## [Your task]
Your reply should consist of the entries, copied exactly and stripped of images.

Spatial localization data
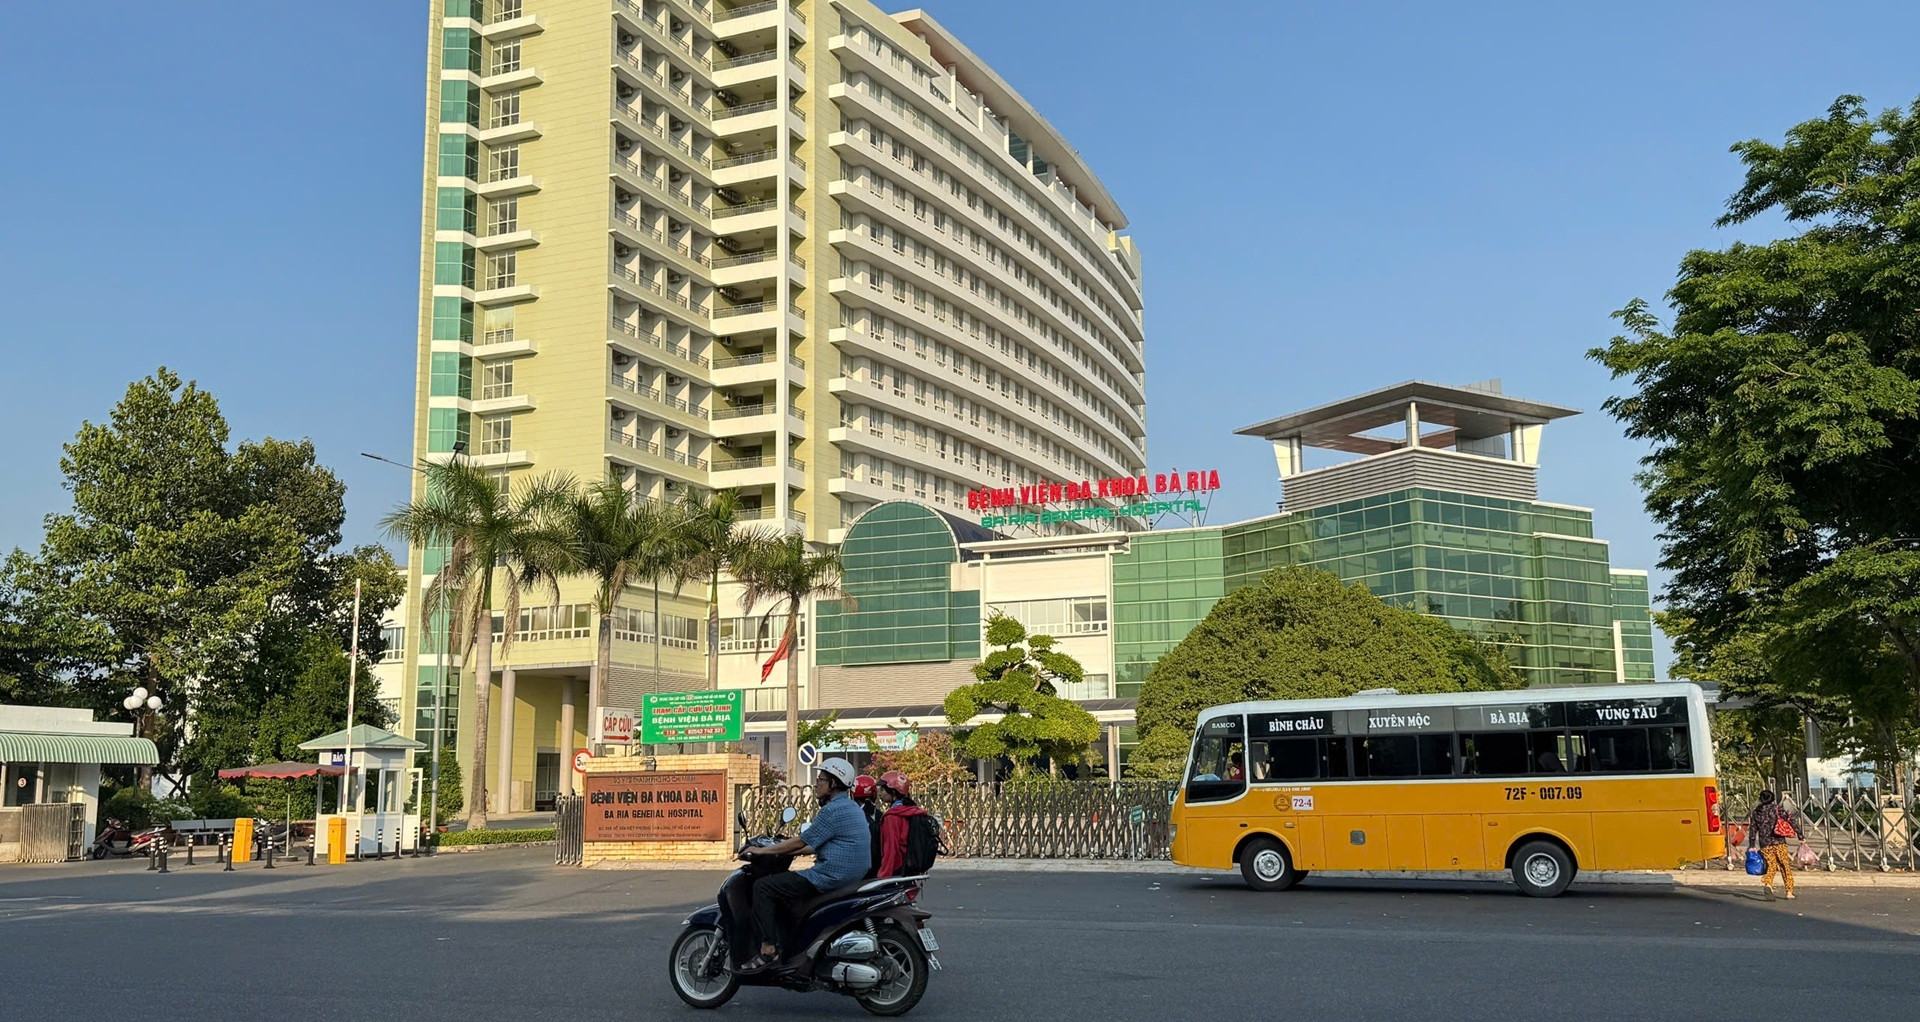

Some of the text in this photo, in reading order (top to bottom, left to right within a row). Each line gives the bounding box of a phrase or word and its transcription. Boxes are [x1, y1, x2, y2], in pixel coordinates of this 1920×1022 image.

[968, 485, 1014, 512] BỆNH
[1020, 479, 1062, 507] VIỆN
[1098, 475, 1149, 498] KHOA
[1155, 467, 1182, 493] BÀ
[1187, 469, 1220, 495] RỊA
[981, 499, 1206, 528] BA RIA GENERAL HOSPITAL
[652, 714, 731, 725] BỆNH VIỆN BÀ RỊA
[1490, 709, 1529, 726] BÀ RỊA
[1596, 704, 1658, 720] VŨNG TÀU
[603, 711, 617, 731] CẤP
[1269, 716, 1324, 732] BÌNH CHÂU
[1369, 712, 1430, 729] XUYÊN MỘC
[591, 789, 614, 806] BỆNH
[617, 789, 638, 806] VIỆN
[656, 790, 683, 803] KHOA
[685, 787, 699, 803] BÀ
[701, 790, 718, 805] RỊA
[1505, 787, 1527, 800] 72F
[1540, 786, 1582, 800] 007.09
[1293, 798, 1312, 807] 72-4
[604, 809, 704, 819] BA RIA GENERAL HOSPITAL
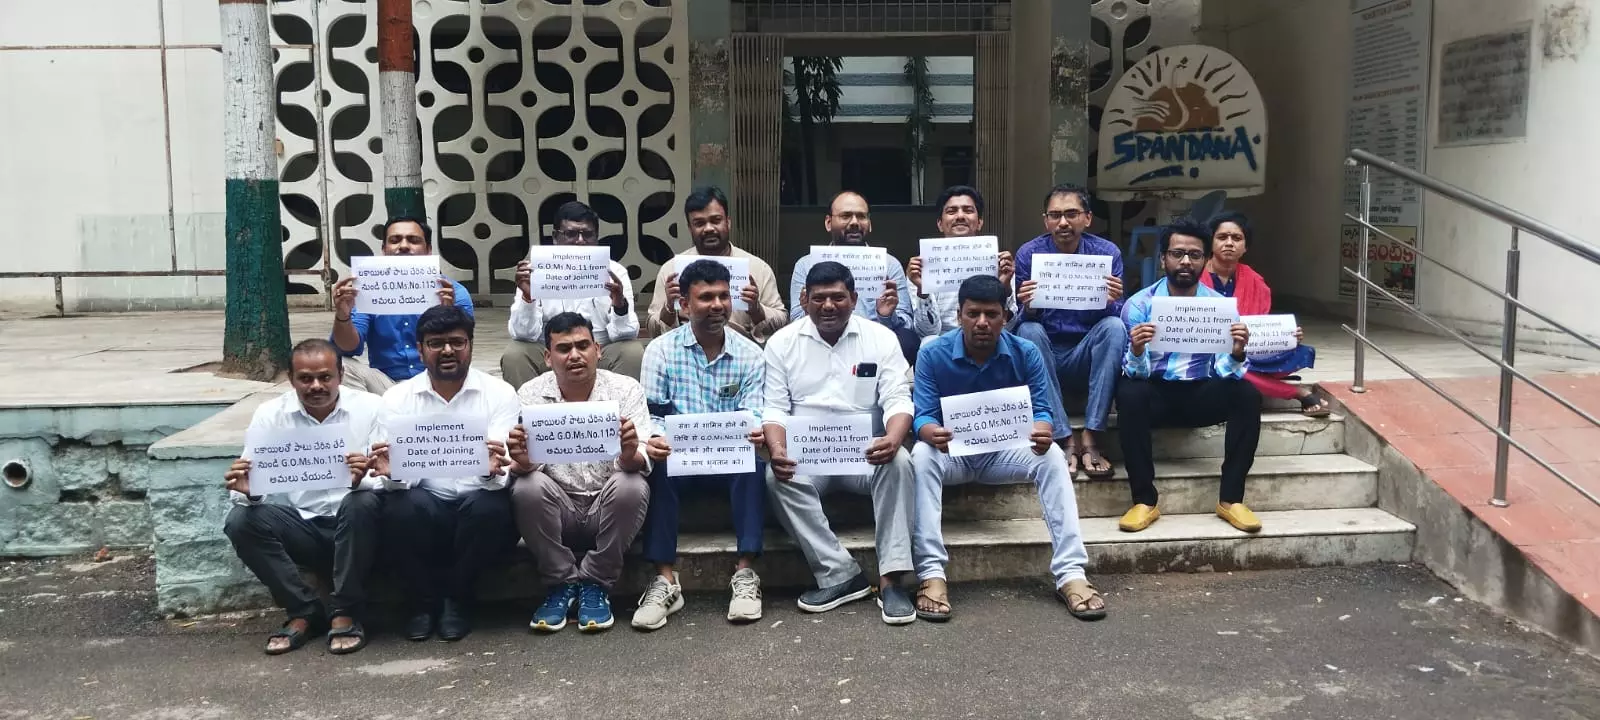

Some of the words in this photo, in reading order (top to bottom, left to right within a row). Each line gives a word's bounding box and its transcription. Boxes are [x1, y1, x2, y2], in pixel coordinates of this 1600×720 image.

## [Result below]
Some of the text in this photo, in reading order (top to bottom, left to right within a row). Each line gives the bounding box of a phrase or word and its transcription. Boxes are [x1, y1, x2, y2], in pixel coordinates of this 1920×1022 image.

[968, 485, 1014, 512] BỆNH
[1020, 479, 1062, 507] VIỆN
[1098, 475, 1149, 498] KHOA
[1155, 467, 1182, 493] BÀ
[1187, 469, 1220, 495] RỊA
[981, 499, 1206, 528] BA RIA GENERAL HOSPITAL
[652, 714, 731, 725] BỆNH VIỆN BÀ RỊA
[1490, 709, 1529, 726] BÀ RỊA
[1596, 704, 1658, 720] VŨNG TÀU
[603, 711, 617, 731] CẤP
[1269, 716, 1324, 732] BÌNH CHÂU
[1369, 712, 1430, 729] XUYÊN MỘC
[591, 789, 614, 806] BỆNH
[617, 789, 638, 806] VIỆN
[656, 790, 683, 803] KHOA
[685, 787, 699, 803] BÀ
[701, 790, 718, 805] RỊA
[1505, 787, 1527, 800] 72F
[1540, 786, 1582, 800] 007.09
[1293, 798, 1312, 807] 72-4
[604, 809, 704, 819] BA RIA GENERAL HOSPITAL

Some of the words in this photo, in reading order (top to bottom, left to right within a row). Each line gives a word's bounding box and its transcription. Boxes are [x1, y1, x2, y2], in pixel coordinates of this 1600×720 image.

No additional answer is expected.